Correlation analysis: After sequencing the human genome ( 5), it seemed promising to analyze the multitude of spots of patient cell or tissue lysates on RNA expression arrays by hierarchical correlation analysis ( 6) rather than to enlarge the number of single cell parameters by flow cytometry. Similarly behaving parameters were rearranged during the correlative analysis to stratify diseased patients into different prognosis groups (cohort future) ( 7, 8). Patient stratification in medicine represents a makeshift solution due to the inability to predict further disease course and outcome in individual patients. Stratification frequently helps to identify patient groups with higher therapeutic susceptibility. Patients in stratified groups are mixed in various proportion with patients from other groups. This means that molecular signatures of stratified patient groups are "contaminated". It is therefore important to strive for individualized predictions by flow and image cytometry (predictive medicine by cytomics)

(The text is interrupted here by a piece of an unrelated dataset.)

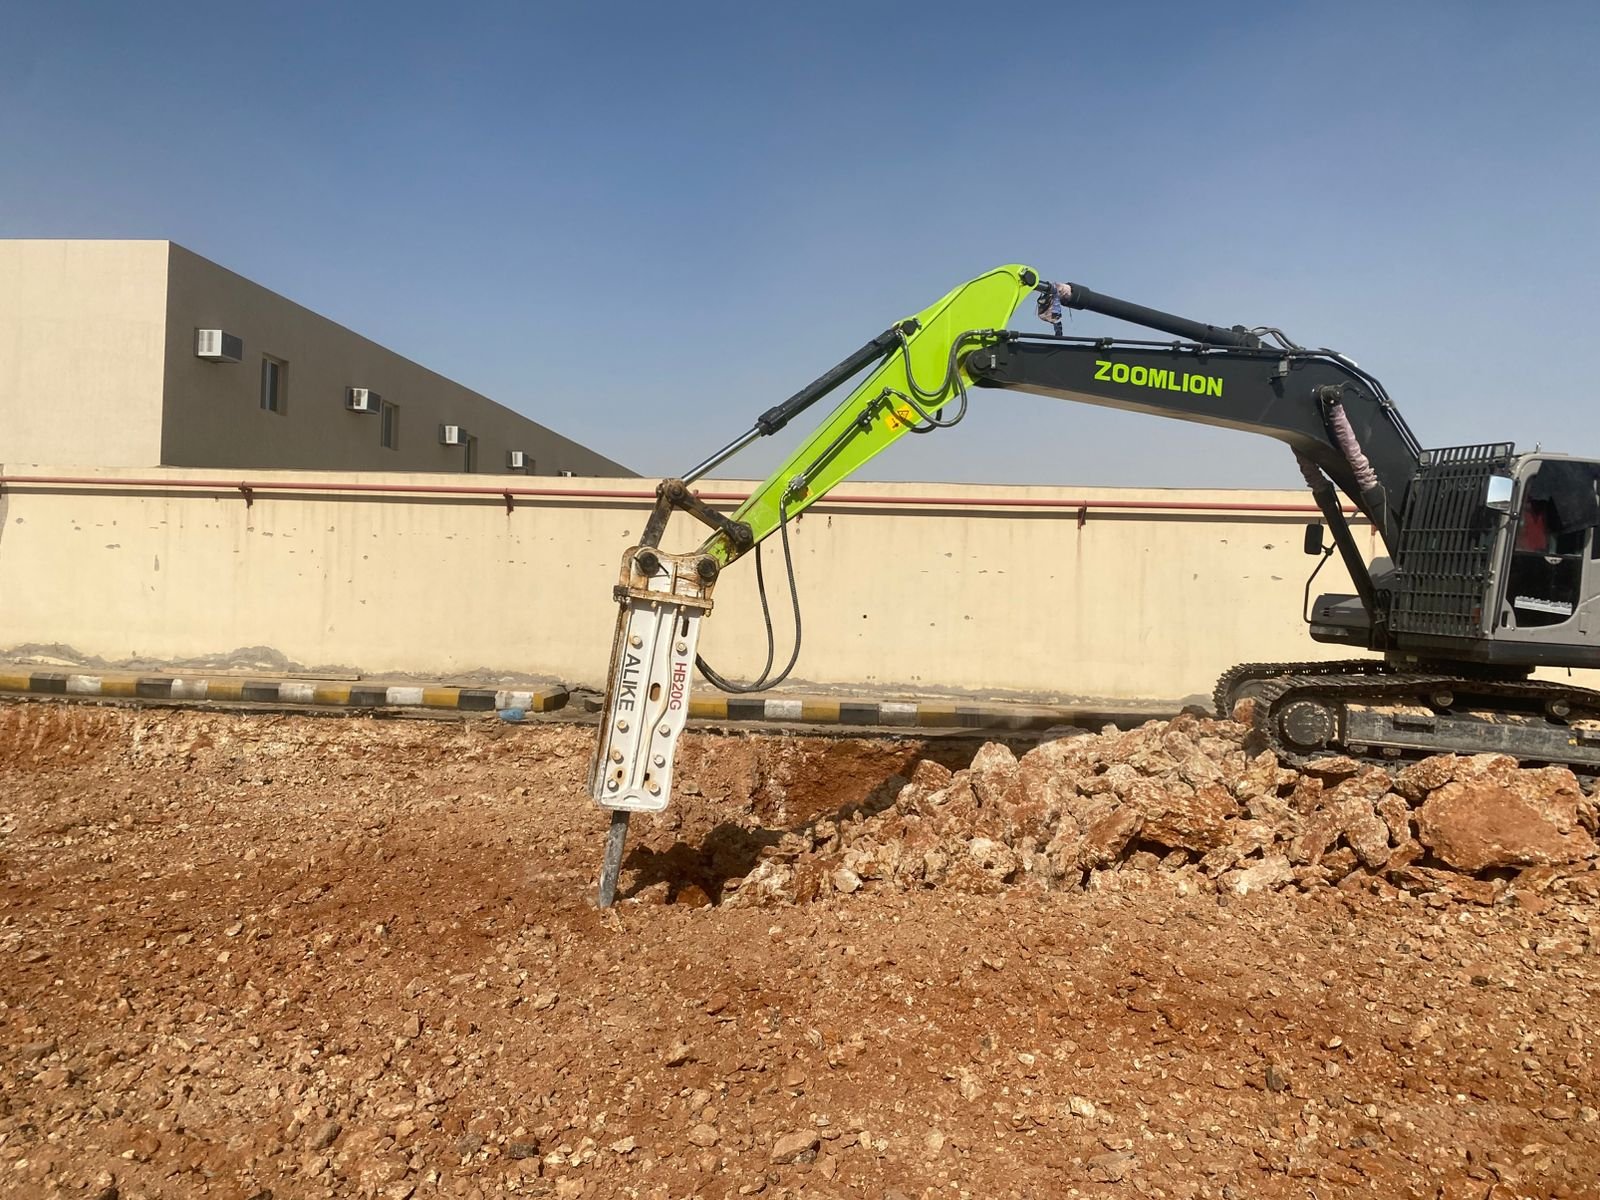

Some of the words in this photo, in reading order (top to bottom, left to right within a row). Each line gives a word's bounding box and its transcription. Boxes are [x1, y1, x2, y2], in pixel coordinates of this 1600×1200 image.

[1094, 360, 1223, 397] ZOOMLION
[618, 653, 641, 712] ALIKE
[669, 662, 687, 710] HB20G

Cells as elementary function units of organisms carry molecular information about presence (diagnosis) and future (prediction). The multimolecular analysis of individual cells provides more information than the molecular mixtures in cell lysates or homogenates. With this idea, it seemed worthwile to further develop flow cytometers, capable of measuring more parameters than the early 3- or 4-parameter instruments, for example between 17 ( 9) to 20 parameters. The construction of mass cytometry flow and image cytometers (CyTOF) collecting around 40 parameters ( 10) provided an enormeous gain of information with new opportunities for individualized predictions in medicine. Data analysis remains, however, mostly correlative ( 12, 13) thus missing a substantial part of the discrimination potential of multiparameter cytometry.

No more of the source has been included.